What is required:
Make an exact copy of the entries, taking out every picture.
..........
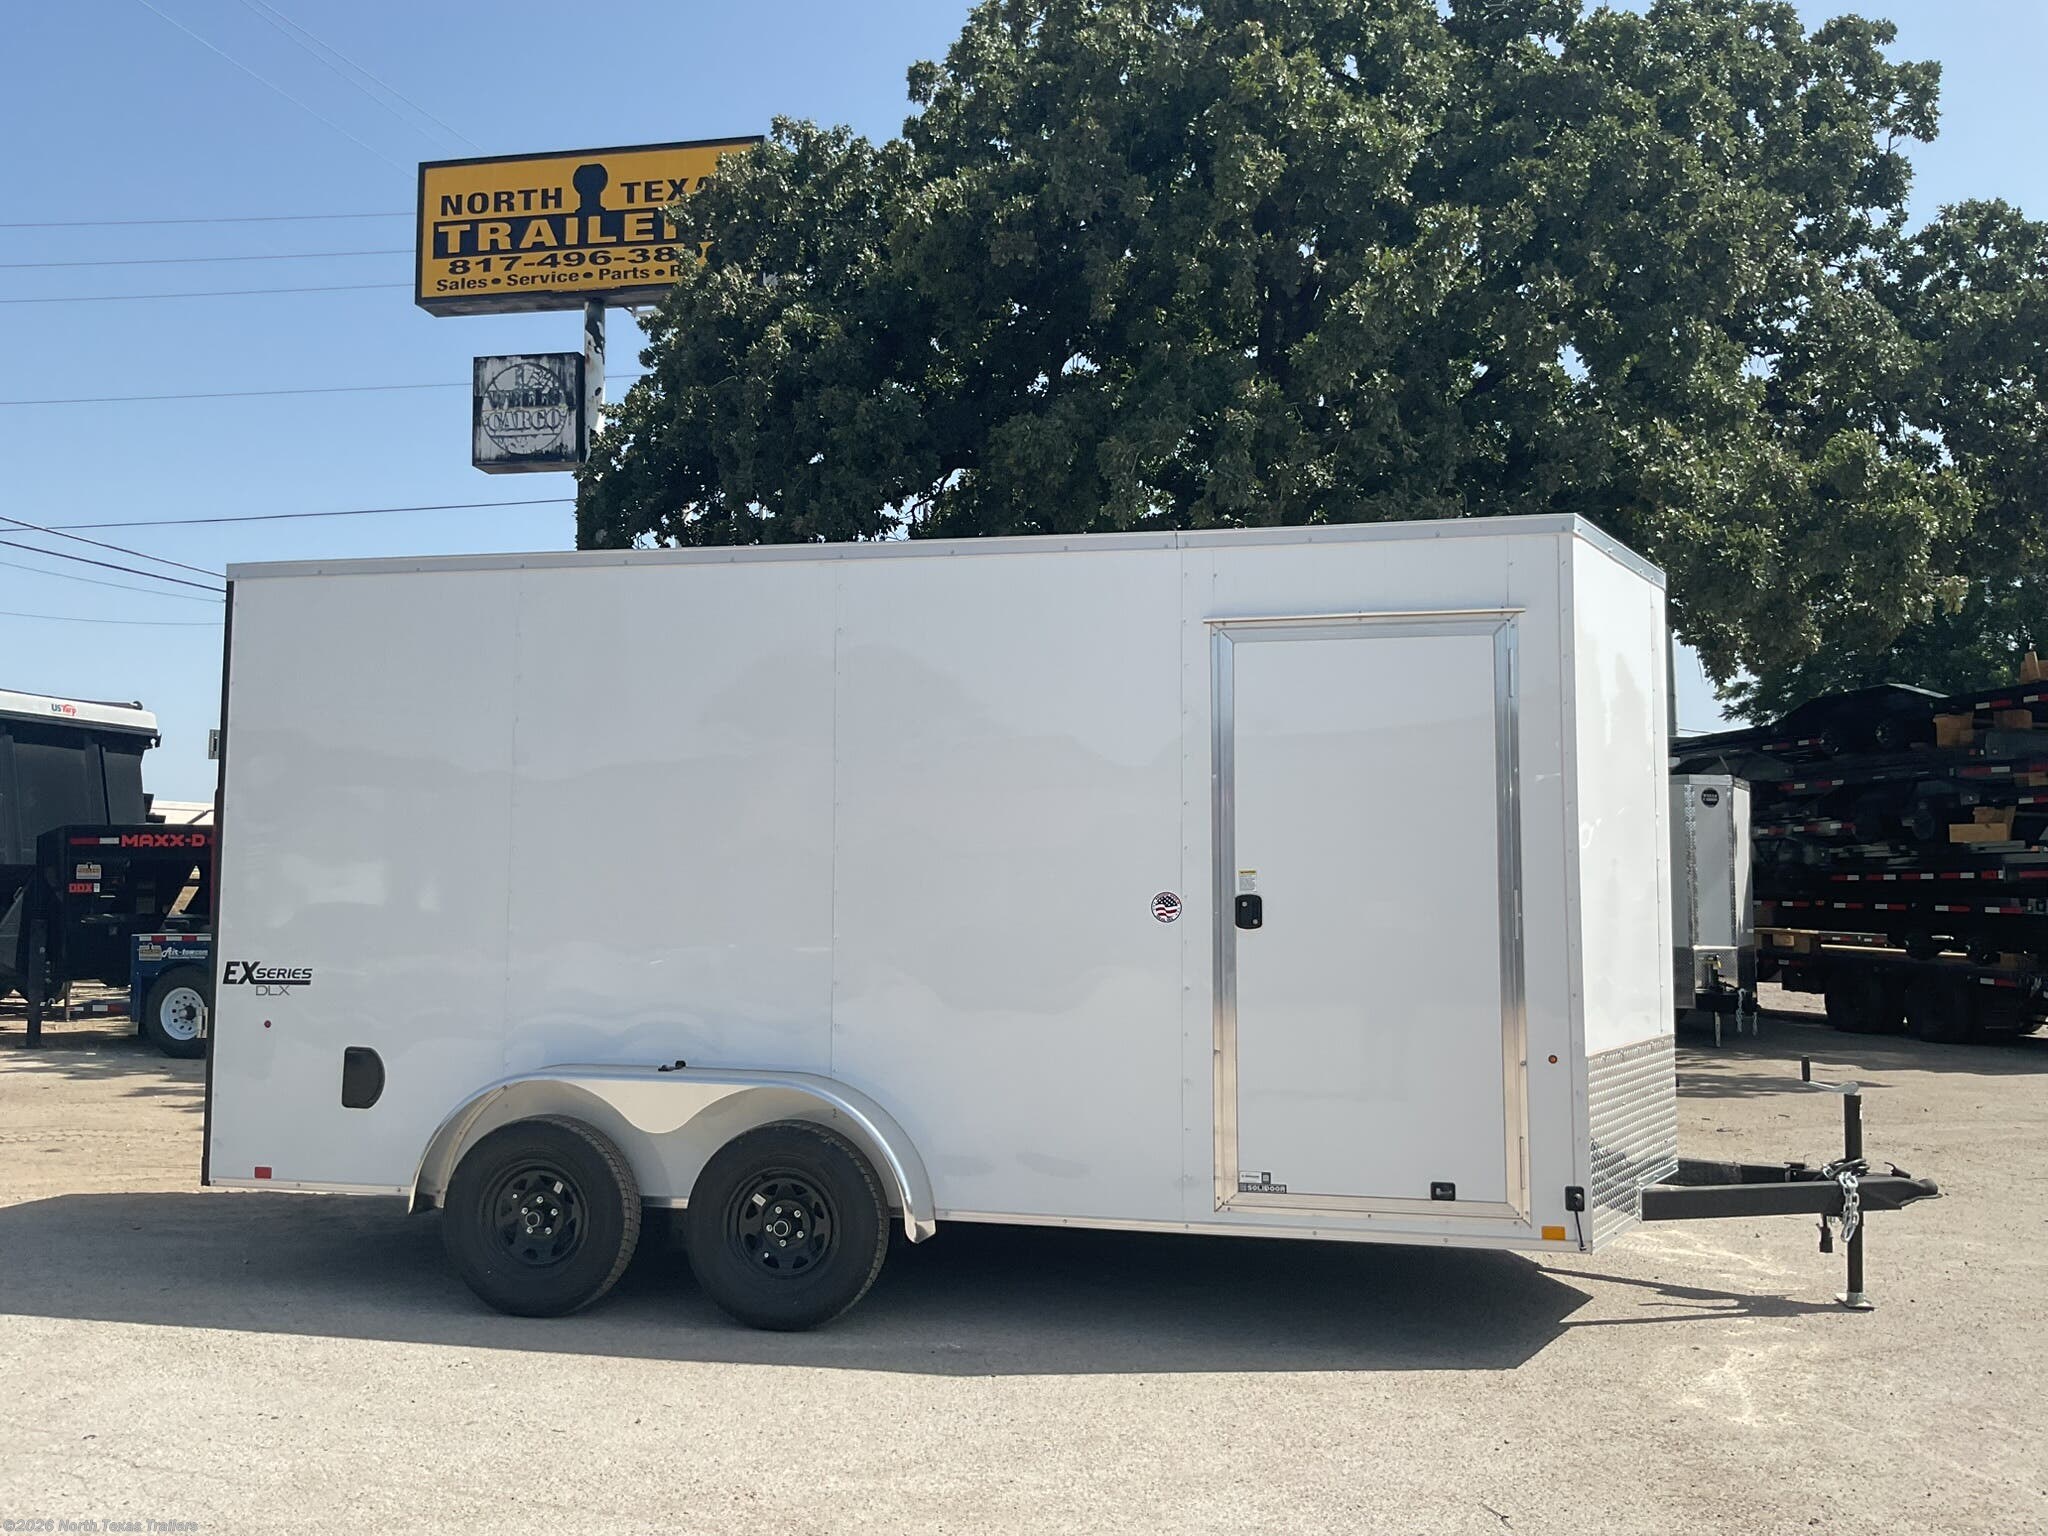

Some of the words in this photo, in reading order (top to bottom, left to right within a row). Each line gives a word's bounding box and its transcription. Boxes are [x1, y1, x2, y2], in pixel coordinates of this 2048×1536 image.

[440, 187, 563, 217] NORTH
[436, 278, 488, 292] Sales
[506, 270, 580, 287] Service
[599, 267, 650, 281] Parts
[487, 409, 561, 432] CARGO
[121, 833, 206, 848] MAXX-D
[255, 985, 290, 996] DLX
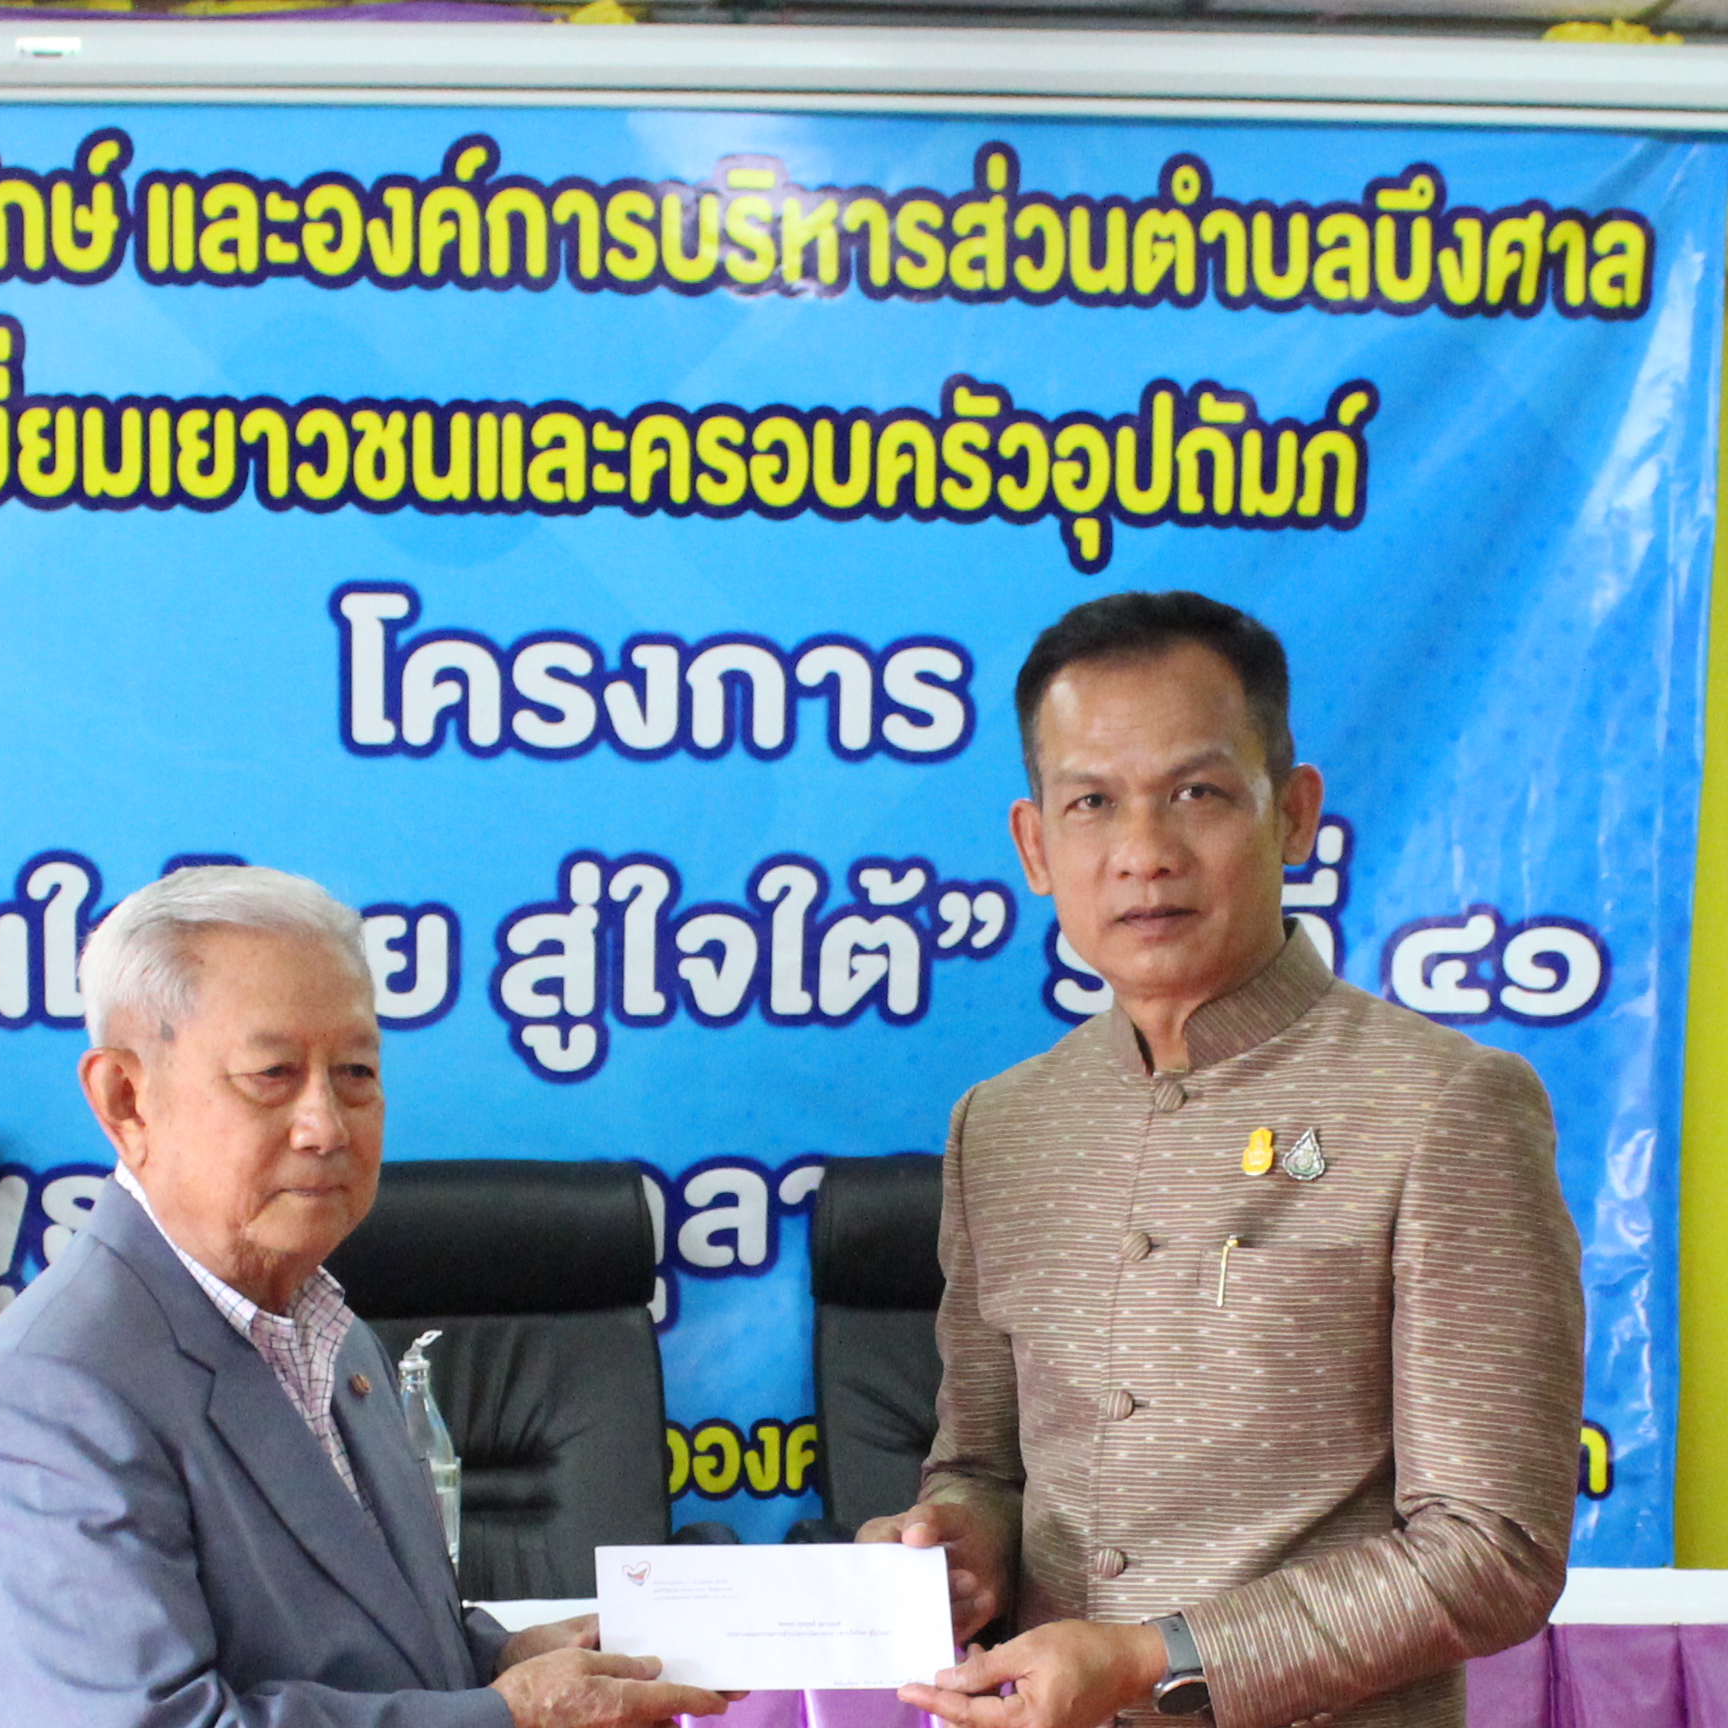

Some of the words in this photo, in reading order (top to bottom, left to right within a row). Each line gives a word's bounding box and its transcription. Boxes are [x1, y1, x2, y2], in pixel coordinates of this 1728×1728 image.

[145, 143, 1648, 309] และองค์การบริหารส่วนตำบลบึงศาล
[338, 591, 966, 752] โครงการ
[499, 860, 1007, 1073] สู่ใจใต้”
[1389, 912, 1602, 1018] ๔๑
..........
Problem solution:
Some of the words in this photo, in reading order (top to bottom, left to right within a row). Each line gives a word's bounding box and its transcription. Boxes are [x1, y1, x2, y2], in pixel coordinates of this 2048×1536 image.

[440, 187, 563, 217] NORTH
[436, 278, 488, 292] Sales
[506, 270, 580, 287] Service
[599, 267, 650, 281] Parts
[487, 409, 561, 432] CARGO
[121, 833, 206, 848] MAXX-D
[255, 985, 290, 996] DLX

Some of the words in this photo, in reading order (top to bottom, left to right within a row). Each line gives a word's bounding box and its transcription. Boxes are [x1, y1, x2, y2], in pixel coordinates of this 1728×1728 image.

[145, 143, 1648, 309] และองค์การบริหารส่วนตำบลบึงศาล
[338, 591, 966, 752] โครงการ
[499, 860, 1007, 1073] สู่ใจใต้”
[1389, 912, 1602, 1018] ๔๑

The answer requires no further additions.